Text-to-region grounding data
_____
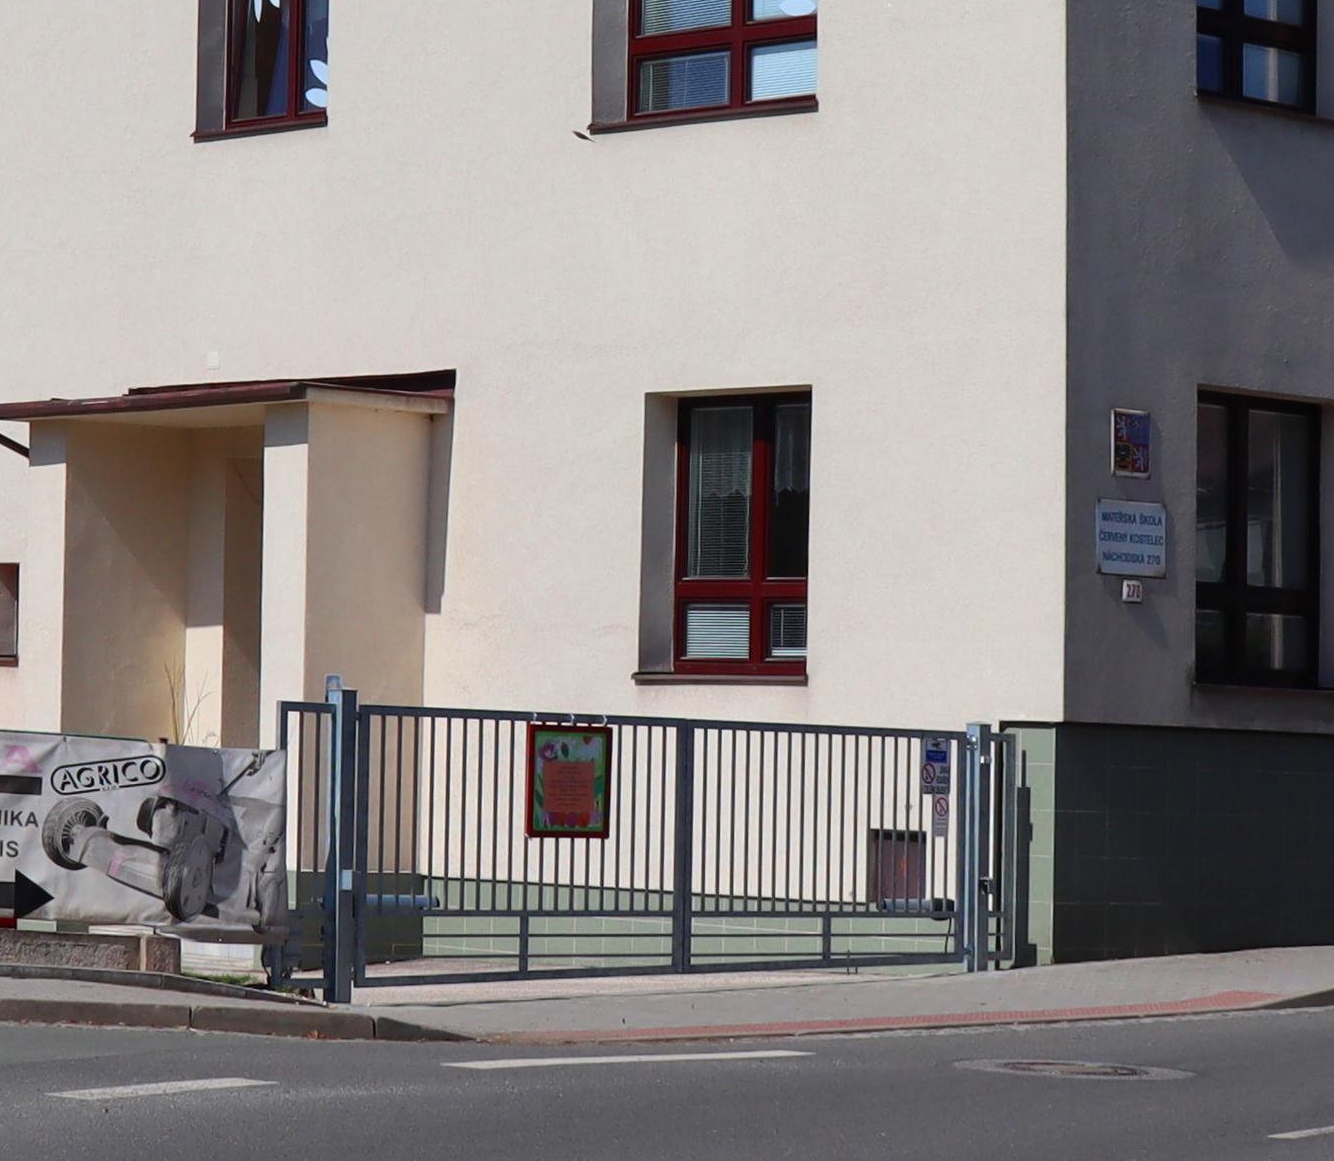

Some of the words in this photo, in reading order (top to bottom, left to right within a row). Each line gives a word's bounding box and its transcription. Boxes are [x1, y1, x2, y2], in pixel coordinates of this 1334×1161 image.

[1101, 511, 1136, 524] MATEŘSKÁ
[1139, 513, 1162, 526] ŠKOLA
[1099, 529, 1128, 542] ČERVENÝ
[1129, 533, 1164, 546] KOSTELEC
[1102, 550, 1144, 564] NÁCHODSKÁ
[1147, 555, 1160, 565] 270
[1126, 584, 1140, 598] 270
[60, 758, 162, 792] AGRICO
_____
REQUIREMENT
Leave out the pictures and output the rest of the records exactly.

OUTPUT OF THE TASK
Some of the words in this photo, in reading order (top to bottom, left to right within a row). Each line gives a word's bounding box and its transcription. Boxes are [x1, y1, x2, y2], in pixel coordinates of this 1334×1161 image.

[1101, 511, 1136, 524] MATEŘSKÁ
[1139, 513, 1162, 526] ŠKOLA
[1099, 529, 1128, 542] ČERVENÝ
[1129, 533, 1164, 546] KOSTELEC
[1102, 550, 1144, 564] NÁCHODSKÁ
[1147, 555, 1160, 565] 270
[1126, 584, 1140, 598] 270
[60, 758, 162, 792] AGRICO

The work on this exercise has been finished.